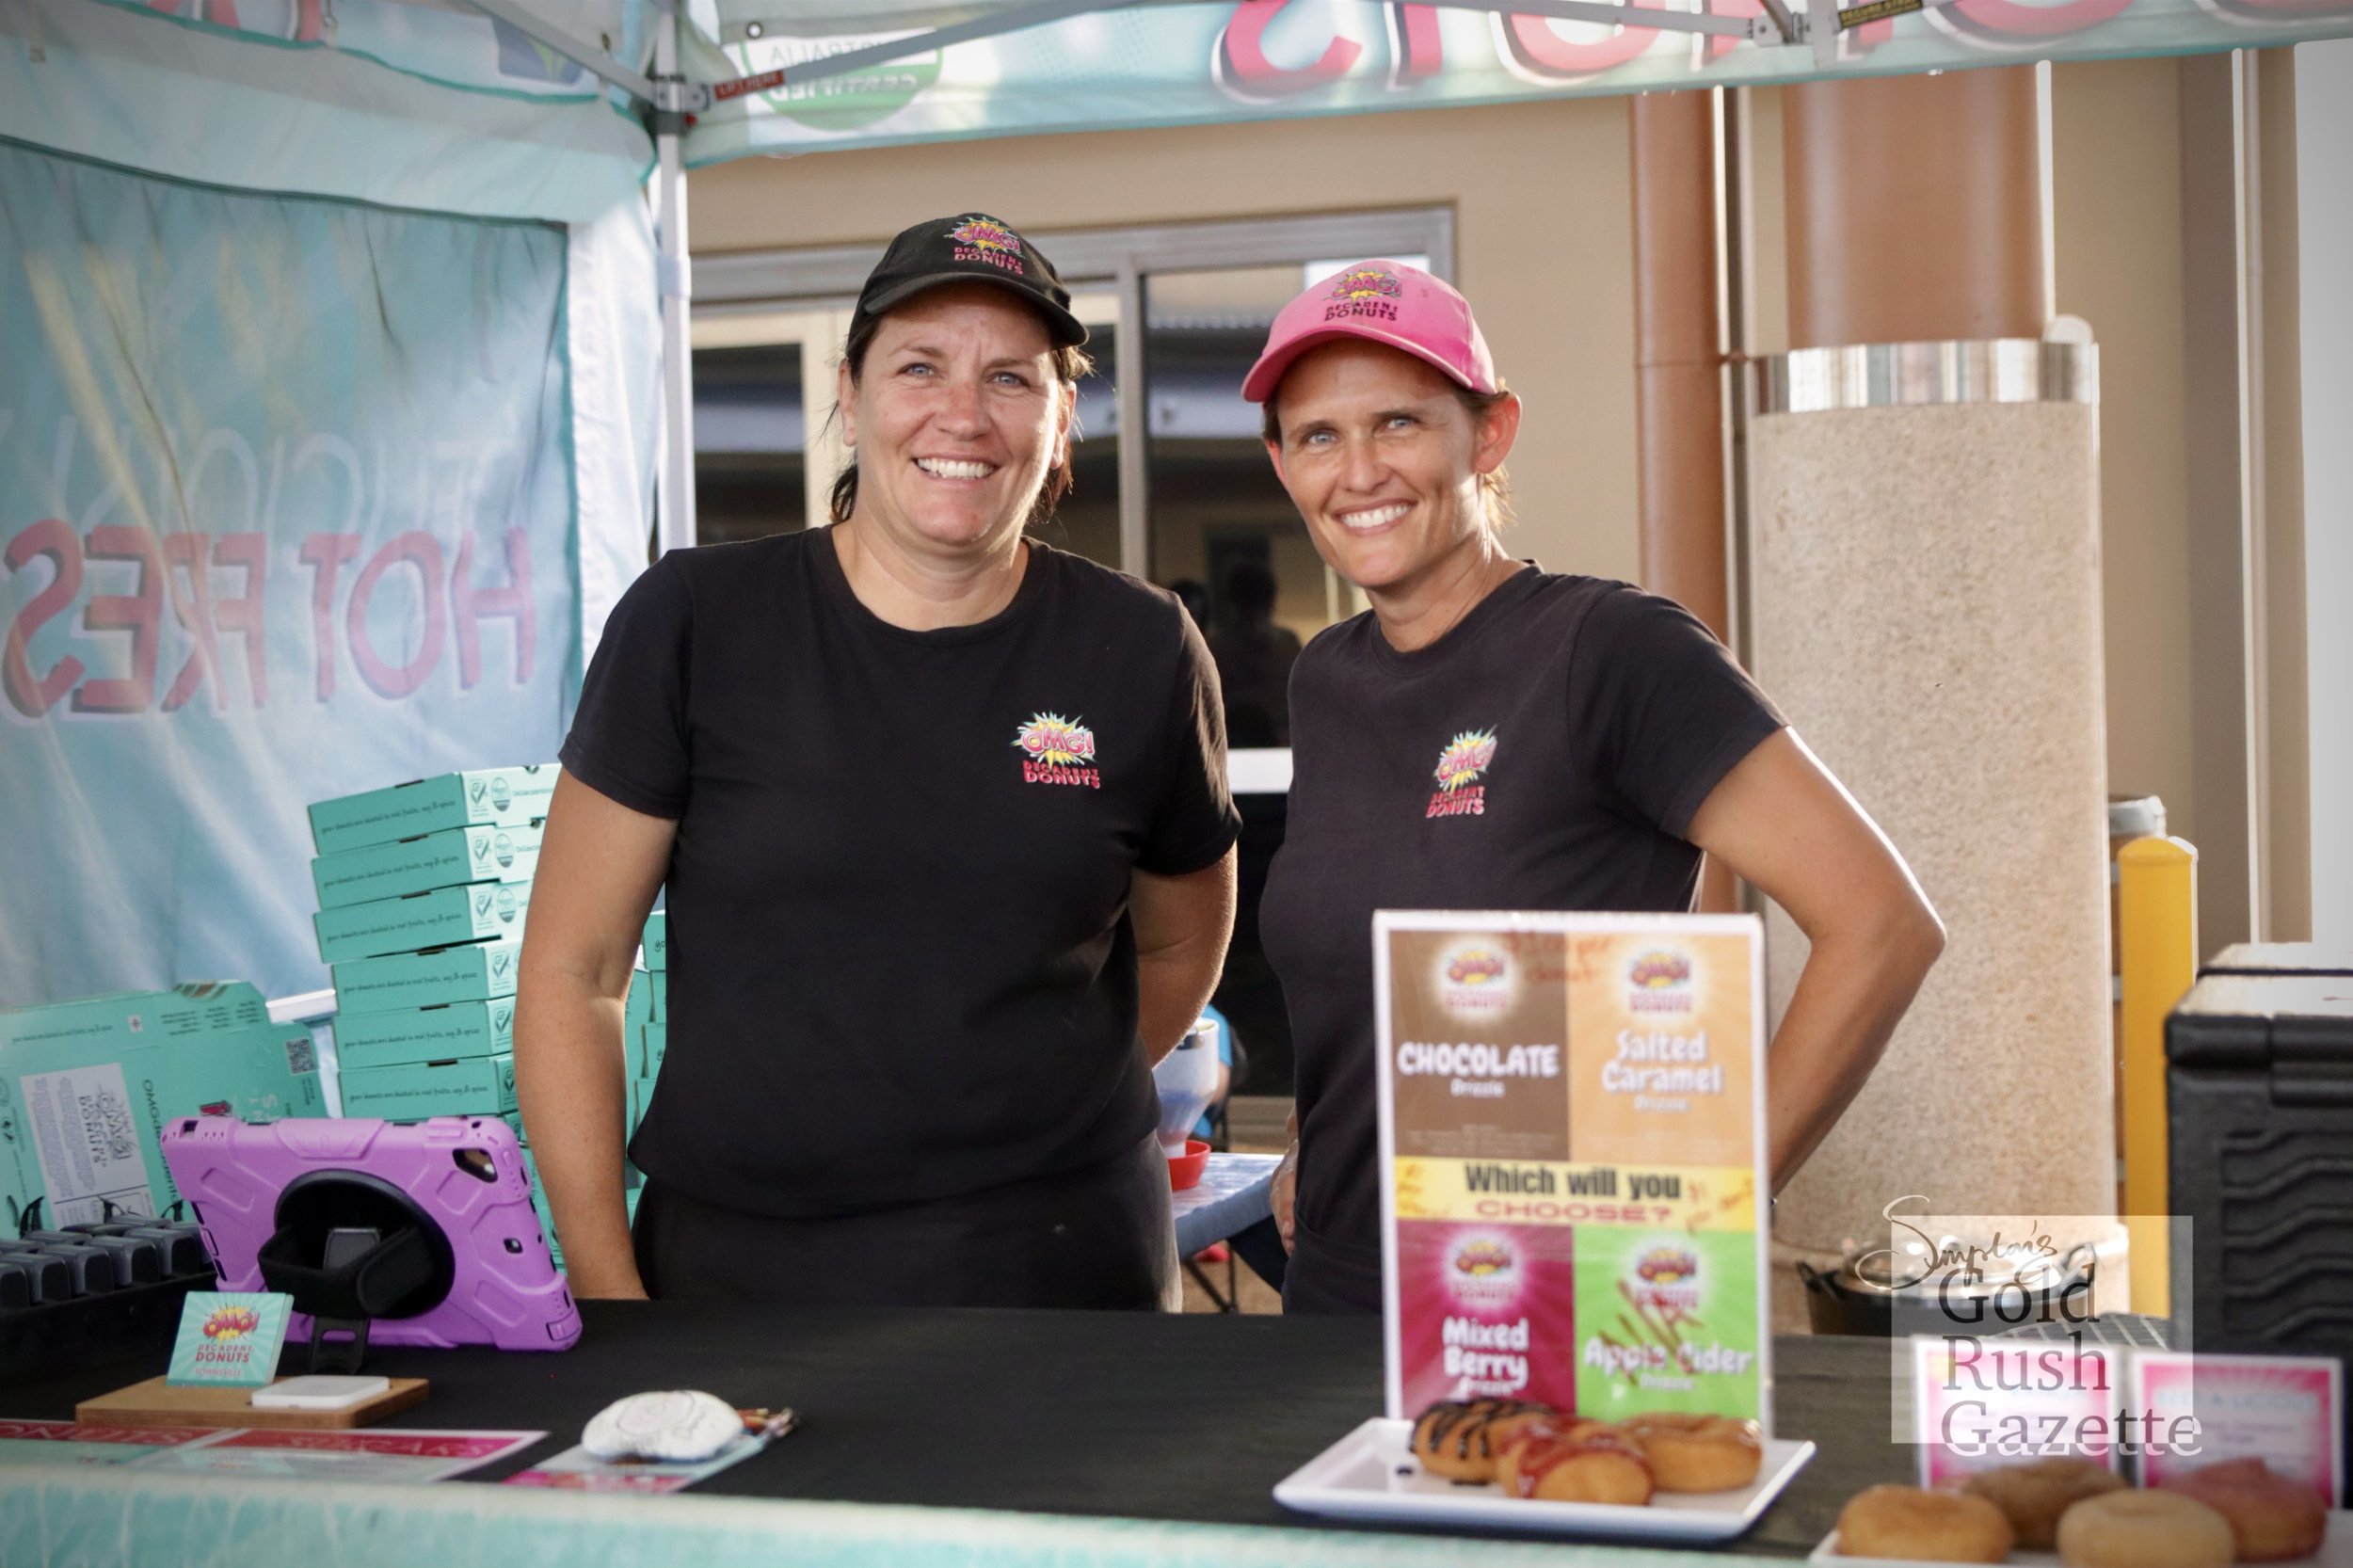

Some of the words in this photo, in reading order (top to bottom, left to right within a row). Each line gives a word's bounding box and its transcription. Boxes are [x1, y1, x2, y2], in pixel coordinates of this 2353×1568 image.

[954, 253, 1023, 275] DONUTS
[1324, 308, 1397, 321] DONUTS
[1020, 727, 1096, 756] OMG!
[1023, 770, 1100, 789] DONUTS
[1398, 1041, 1561, 1079] CHOCOLATE
[1616, 1029, 1710, 1063] Salted
[1602, 1060, 1724, 1095] Caramel
[1465, 1162, 1556, 1196] Which
[1565, 1167, 1617, 1198] will
[1627, 1173, 1682, 1202] you
[1476, 1199, 1672, 1223] CHOOSE?
[1442, 1317, 1529, 1352] Mixed
[196, 1351, 250, 1363] DONUTS
[1444, 1346, 1529, 1390] Berry
[1582, 1336, 1667, 1377] Apple
[1675, 1340, 1753, 1375] Cider
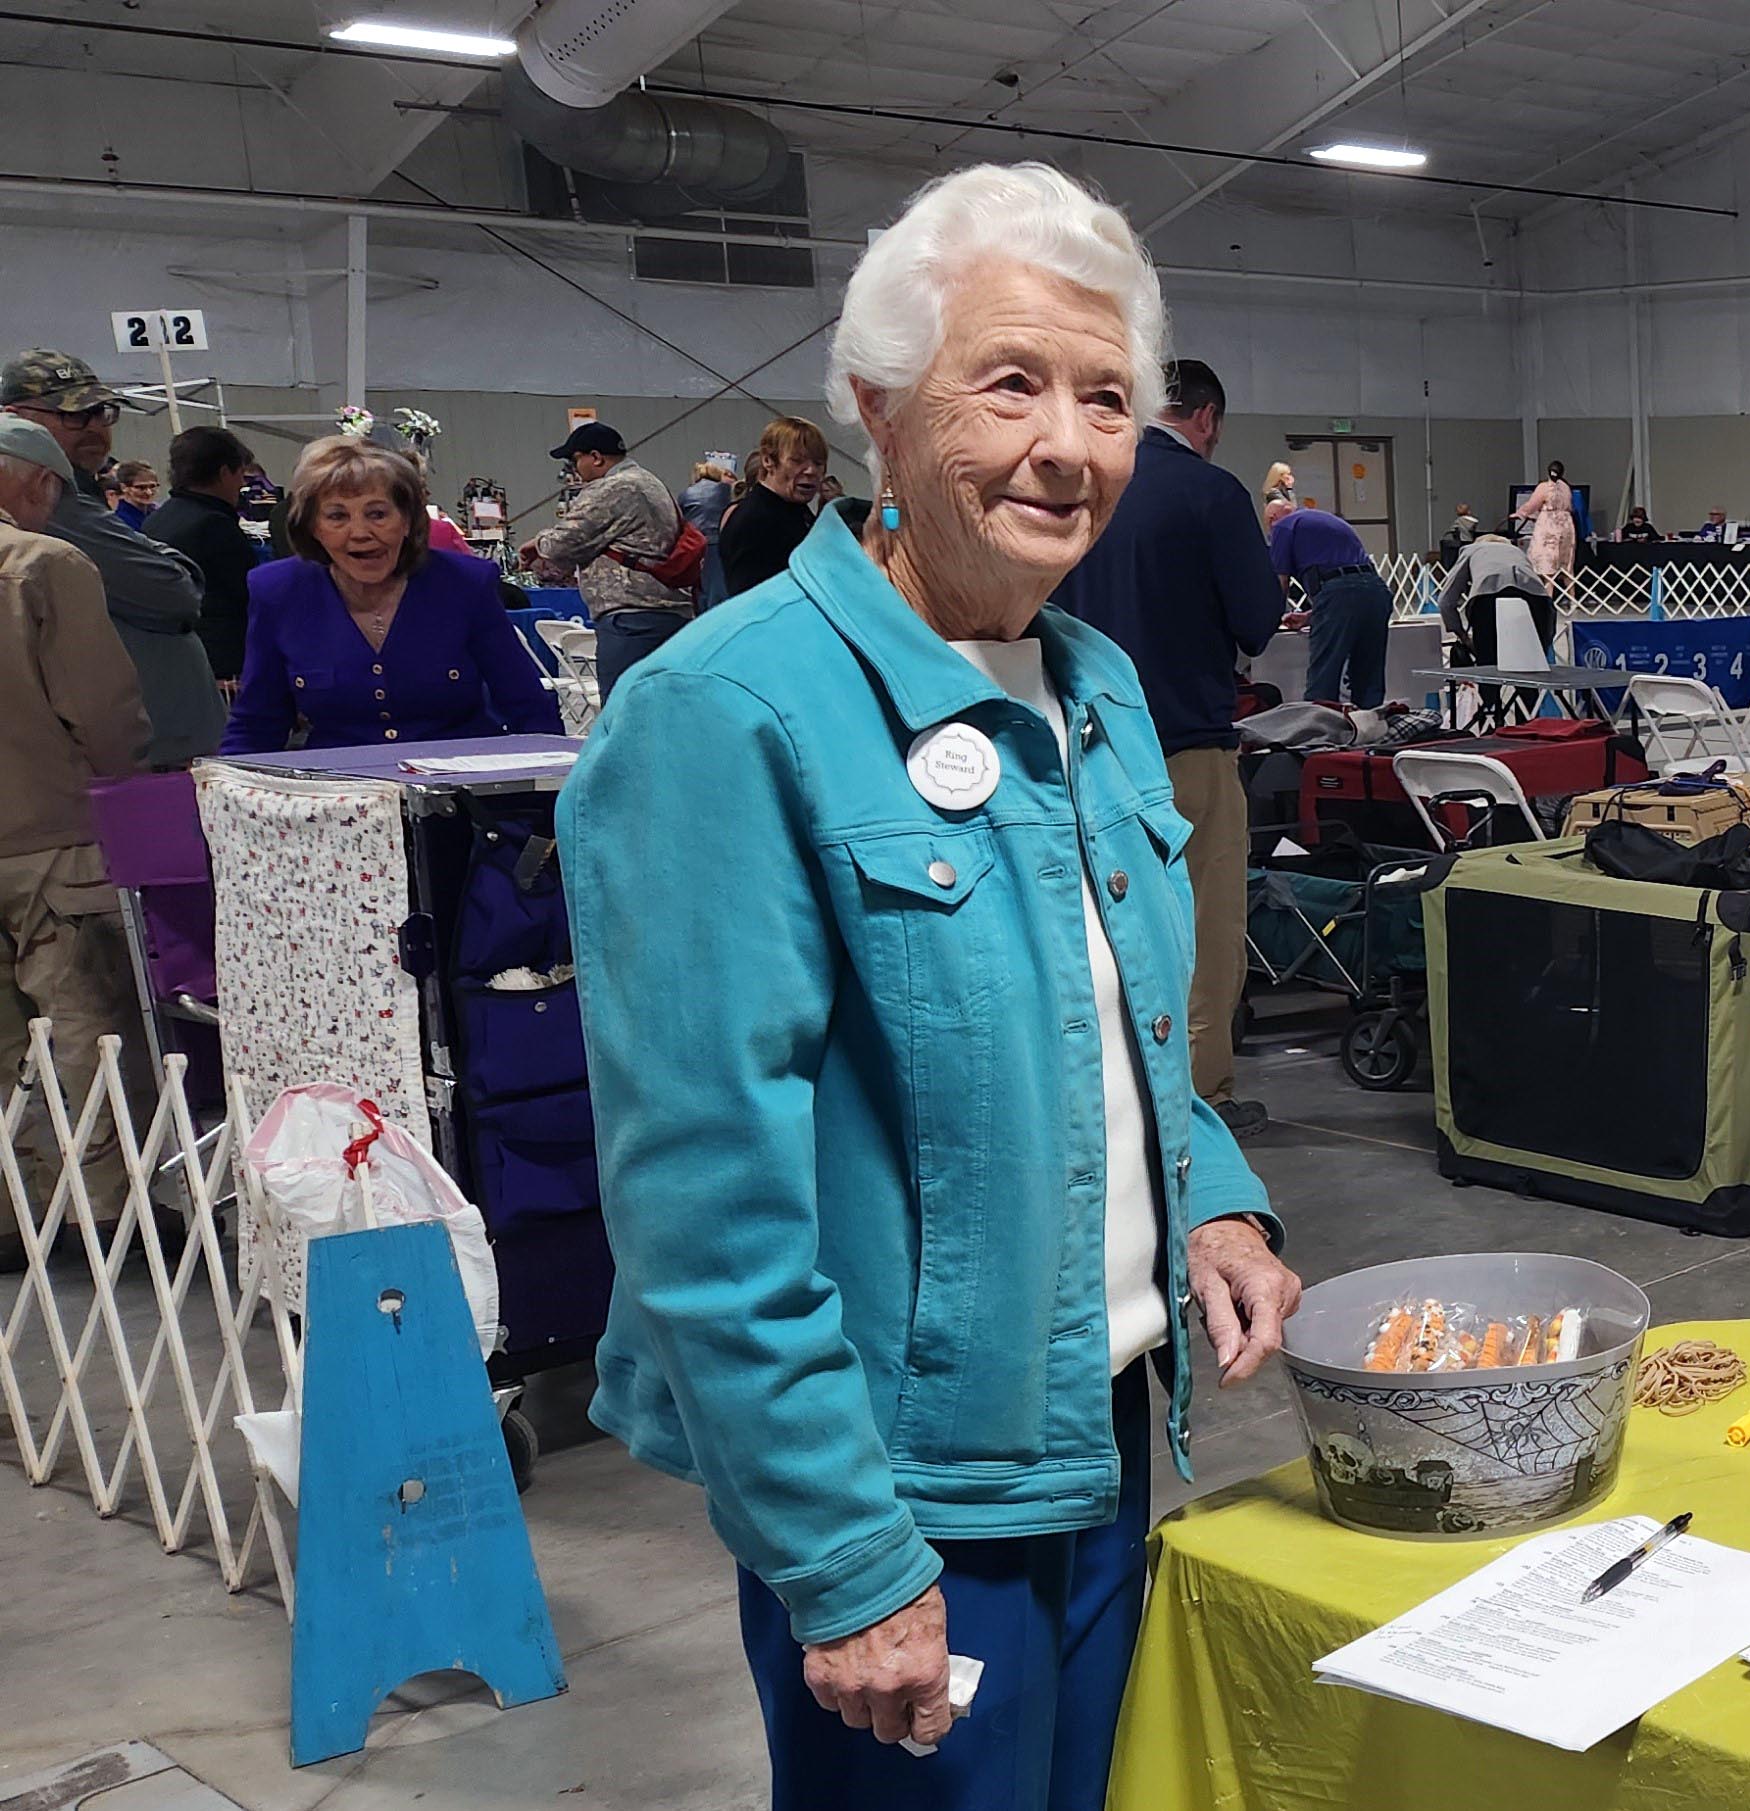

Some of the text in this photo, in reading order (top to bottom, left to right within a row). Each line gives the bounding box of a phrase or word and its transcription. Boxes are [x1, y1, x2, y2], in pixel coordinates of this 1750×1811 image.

========================================================================

Problem description – Keep the pictures out and transcribe the entries exactly.

Result –
Some of the words in this photo, in reading order (top to bottom, left to right within a row). Each line gives a word's bounding box and its transcription. Boxes are [x1, y1, x2, y2], in pixel coordinates of this 2353×1568 image.

[954, 253, 1023, 275] DONUTS
[1324, 308, 1397, 321] DONUTS
[1020, 727, 1096, 756] OMG!
[1023, 770, 1100, 789] DONUTS
[1398, 1041, 1561, 1079] CHOCOLATE
[1616, 1029, 1710, 1063] Salted
[1602, 1060, 1724, 1095] Caramel
[1465, 1162, 1556, 1196] Which
[1565, 1167, 1617, 1198] will
[1627, 1173, 1682, 1202] you
[1476, 1199, 1672, 1223] CHOOSE?
[1442, 1317, 1529, 1352] Mixed
[196, 1351, 250, 1363] DONUTS
[1444, 1346, 1529, 1390] Berry
[1582, 1336, 1667, 1377] Apple
[1675, 1340, 1753, 1375] Cider

Some of the text in this photo, in reading order (top to bottom, left to right within a row). Each line gives the bounding box of a phrase or word and its transcription. Boxes are [x1, y1, x2, y2], in pixel coordinates of this 1750×1811 image.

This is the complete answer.